Social cognitive heterogeneity in schizophrenia: A cluster analysis.

This study examined social cognitive heterogeneity in Norwegian sample of individuals with schizophrenia (n = 82). They were assessed with three social cognitive tests: Emotion in Biological Motion (emotion processing), Relationships Across Domains (social perception), and Movie for the Assessment of Social Cognition (theory of mind). Hierarchical and k-means cluster analyses using standardized scores on these three tests provided two clusters. The first cluster (68 %) had mild social cognitive impairments (<0.5 standard deviations below healthy comparison participants). The second cluster (32 %) had severe social cognitive impairments (>2 standard deviations below healthy comparison participants). Validity of the two social cognitive subgroups was indicated by significant differences in functioning, symptom load and nonsocial cognition. Our study shows that social cognitive tests can be used for clinical and cognitive subtyping. This is of potential relevance for treatment.

Introduction

Although cognitive decrements are present in schizophrenia, regardless of intellectual level (Vaskinn et al., 2014), there is great cognitive heterogeneity. Studies using different cognitive tests and different classification approaches have often identified three cognitive subgroups (Carruthers et al., 2019, Carruthers et al., 2021). One relatively intact group with only subtle cognitive impairment, a second group with moderate reductions and a third group with widespread cognitive dysfunction. Of note, there are also reports of four subgroups (Lewandowski et al., 2018). Researchers have arrived at these groups using clinical (Weickert et al., 2000) or data-driven (Vaskinn et al., 2020) classification methods, often cluster analyses. Differences in brain structure (Weinberg et al., 2016), symptomatic load (Vaskinn et al., 2020), and functional impairment (Vaskinn et al., 2020) support the validity of these groups (Carruthers et al., 2021).

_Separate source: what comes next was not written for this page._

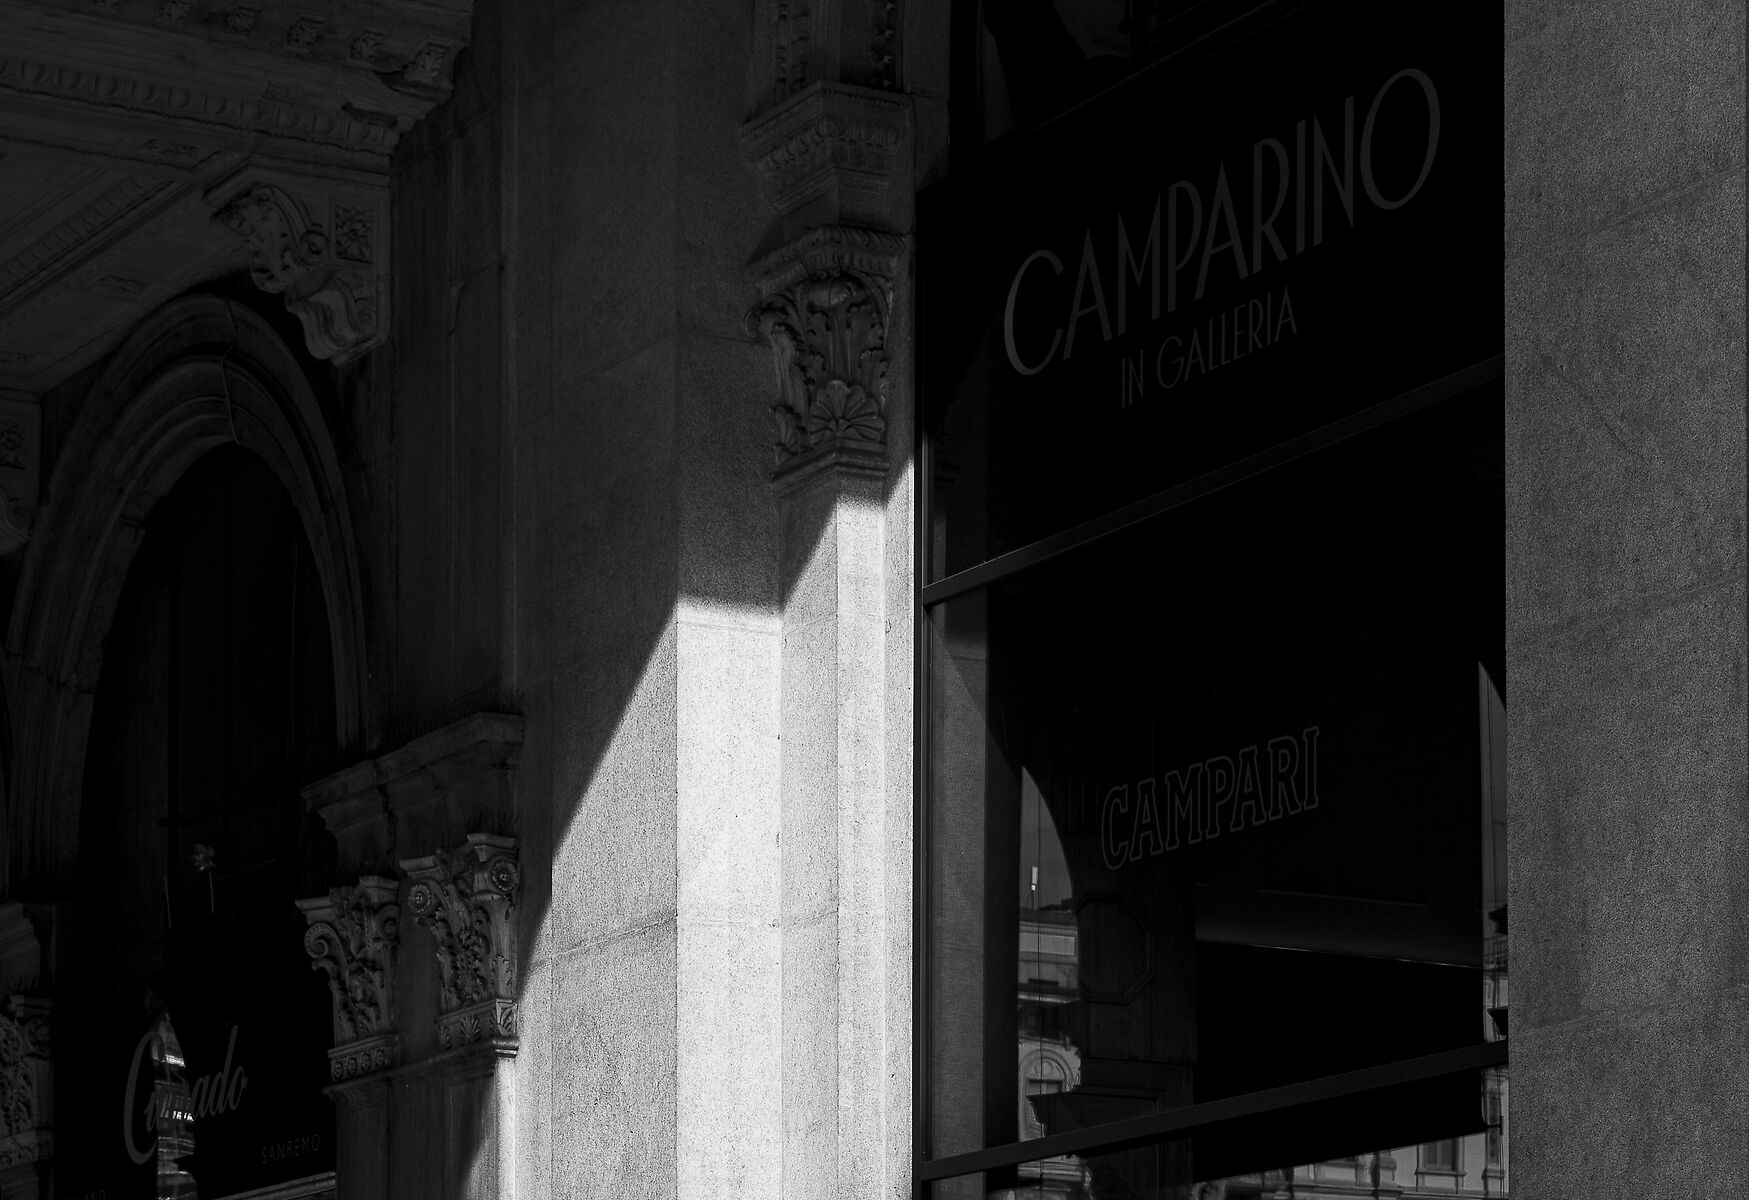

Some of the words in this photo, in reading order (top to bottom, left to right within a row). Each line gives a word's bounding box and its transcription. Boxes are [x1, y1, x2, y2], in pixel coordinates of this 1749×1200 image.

Most such classification studies have focused on premorbid and/or current nonsocial cognition, i.e., performance on standard neuropsychological tests. It is less clear if other cognitive measures can classify individuals with schizophrenia in a meaningful way. A few studies used performance on social cognitive tests to group participants using cluster analyses, distinguishing three groups. Rocca et al. (2016) identified three groups with social cognitive impairments compared to healthy controls, but of different magnitude. The “unimpaired” cluster (42 %) had subtle deficits (<0.5 SD), whereas the deficits of the “impaired” (50.4 %) and “very impaired” (7.5 %) clusters were substantial. Similarly, Etchepare et al.'s (2019) “high social cognition” cluster (47.9 %) only differed significantly from healthy controls on one of the social cognition measures, whereas their “medium” (28.7 %) and “low social cognition” (23.4 %) clusters evidenced mild-moderate or substantial social cognitive deficits. The three clusters did not show different social cognitive profile patterns, but rather differences in level of social cognitive performance. Hajduk et al. (2018) is the only study that has identified a cluster that appears to be truly intact. Their “intact” (26 %) cluster had in fact social cognitive performance above healthy controls, at least for some of the utilized tests. The two other clusters had “mild” (43 %) or “severe” social cognitive impairment (31 %).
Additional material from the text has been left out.